Winter in Ibiza is generally mild. Cold temperatures are rare. From December to February the average temperature is around 11°C; a pleasant sunny day may reach the mid to high teens, but nights can be cold without central heating as the average low is in single figures around 8 or 9°C. December is a fairly wet month with around 90mm on average, and then rainfall drops away again to around 50mm for January and February. Storms can occur during this period, where heavy rain and high winds will hit the island for 2-3 days.
Sunshine levels are pretty good for anyone used to British weather, seeing an average of five hours of sunshine per day in the darkest months of January and February. To put things in perspective: London gets down to an average of one hour per day in December. The sea is a little chilly with an average temperature of 14°C, though this is not much colder than the sea around the UK in the summer.
Occasionally snow is experienced on Ibiza – in in 2007 snow even settled on the beaches and a temperature of -5°C was recorded. This is unusually cold and, although the sight of snow flakes is not completely alien, for them to settle is a very rare event.
In early spring evenings can still be a little chilly, though daytime temperatures climb rapidly from an average high of 17°C in March to 21°C in May. A sunny spring day can see temperatures around 20°C whichever the month, though more frequently towards May. Late May is when you really begin to feel summer has begun. You should still bring extra layers for the nights and to shrug on when the cool wind blows.
moderate throughout spring – you will get some rainy days but there is a
healthy amount of sunshine to be enjoyed, quickly getting up to an average of
eight hours per day in April and nine in May. The sea heats up quickly from an
average temperature of 15°C in March to 18°C in April. Though some will still
find this a bit bracing, 18°C is better than you’ll get in the UK in July.
Ibiza can still be subject to extreme weather conditions that you should be aware of when travelling to the island.
In the late winter/early spring time (usually between February and March) dust storms can hit the island. These are caused by hot winds blowing across from the Sahara, due to the island’s close proximity to North Africa.

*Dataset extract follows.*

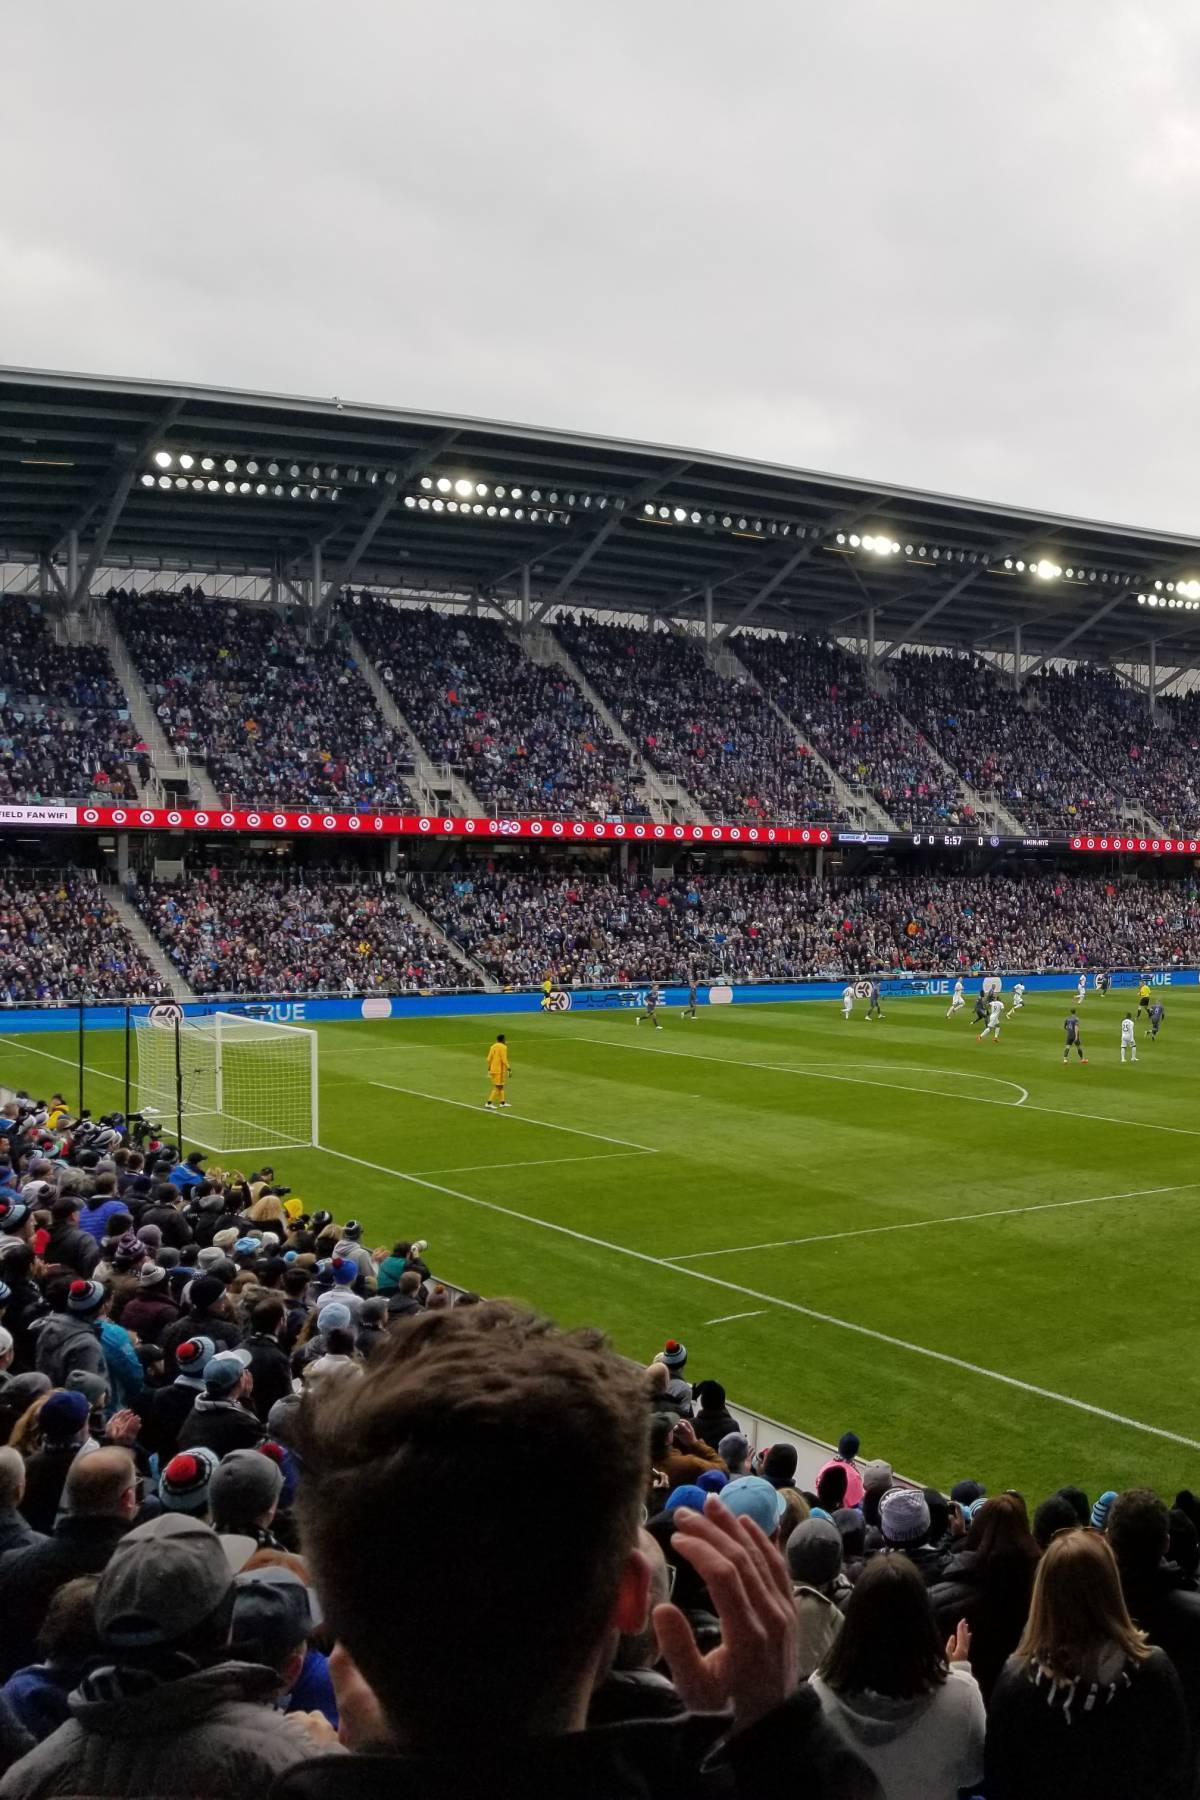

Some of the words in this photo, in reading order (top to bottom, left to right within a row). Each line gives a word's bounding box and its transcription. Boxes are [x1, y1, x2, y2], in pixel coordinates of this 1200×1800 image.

[27, 811, 45, 819] FAN
[928, 835, 934, 844] 0
[944, 836, 961, 845] 5:57
[977, 837, 984, 846] 0

These can reduce visibility and irritate asthma and other respiratory problems, so make sure you have any medication you need with you if you’re on holiday on the island at this time of the year if you suffer from such problems. You’ll most likely want to shelter inside if one hits the area when you’re here.
Spain’s droughts, which have been lasting for much longer in recent years, can lead to other problems, such as heavy rainfall, thunderstorms and hail storms. Around 10 hail storms and 10-20 thunderstorms can hit the island a year. The heavy rainfall can also lead to flash flooding. This usually happens in the autumn, so travel in the summer if you want to be guaranteed dry weather.

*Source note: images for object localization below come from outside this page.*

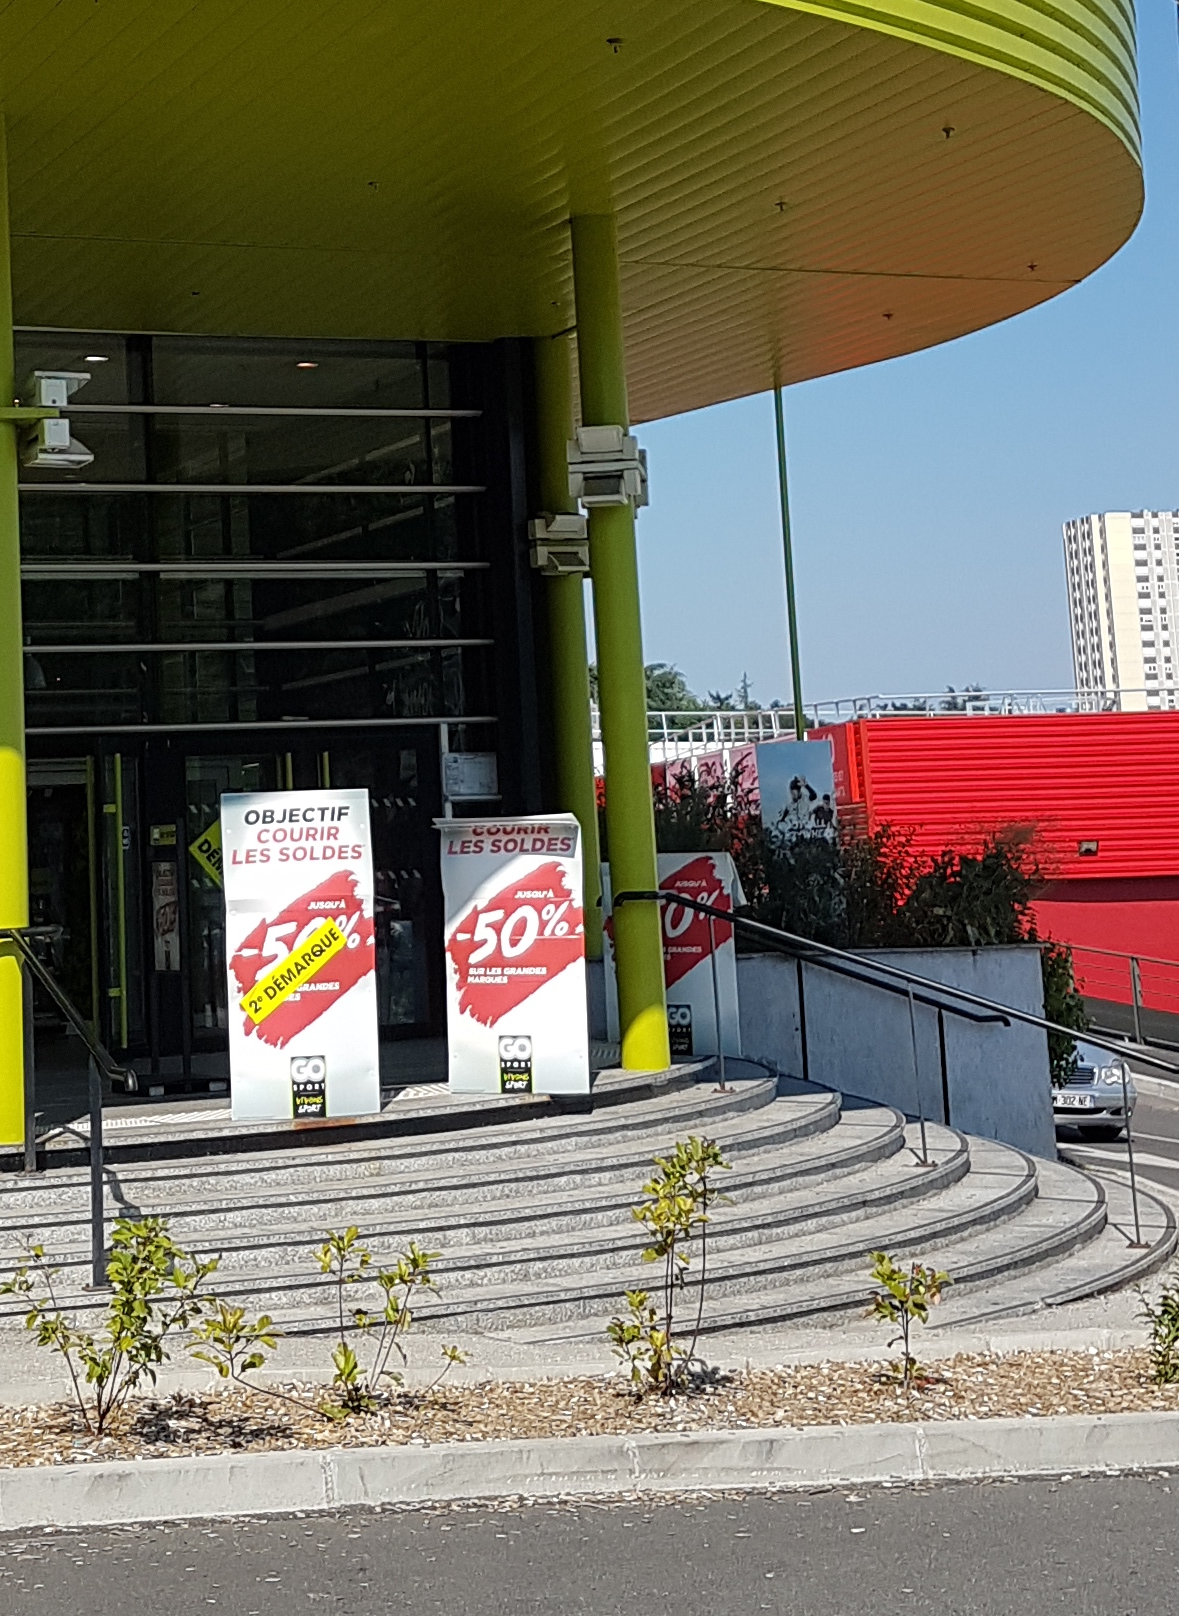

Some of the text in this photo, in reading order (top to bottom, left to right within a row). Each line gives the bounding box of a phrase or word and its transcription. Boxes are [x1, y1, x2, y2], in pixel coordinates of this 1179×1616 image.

[244, 805, 350, 826] OBJECTIF
[257, 825, 340, 844] COURIR
[231, 848, 271, 865] LES
[447, 839, 485, 855] LES
[456, 900, 571, 965] -50%
[263, 927, 340, 1001] DÉMARQUE
[486, 967, 502, 976] LES
[499, 1036, 532, 1060] GO
[291, 1057, 326, 1082] GO

The droughts also exacerbate the problem of bush fires, an issue in the summer. The dry vegetation means that the fires can last for longer and be far more intense.
Tornadoes and water spouts are also a problem on the Balearic Islands, hitting them harder than any other part of Spain. These can occur at any time between July and December, but most commonly hit the island in September and October.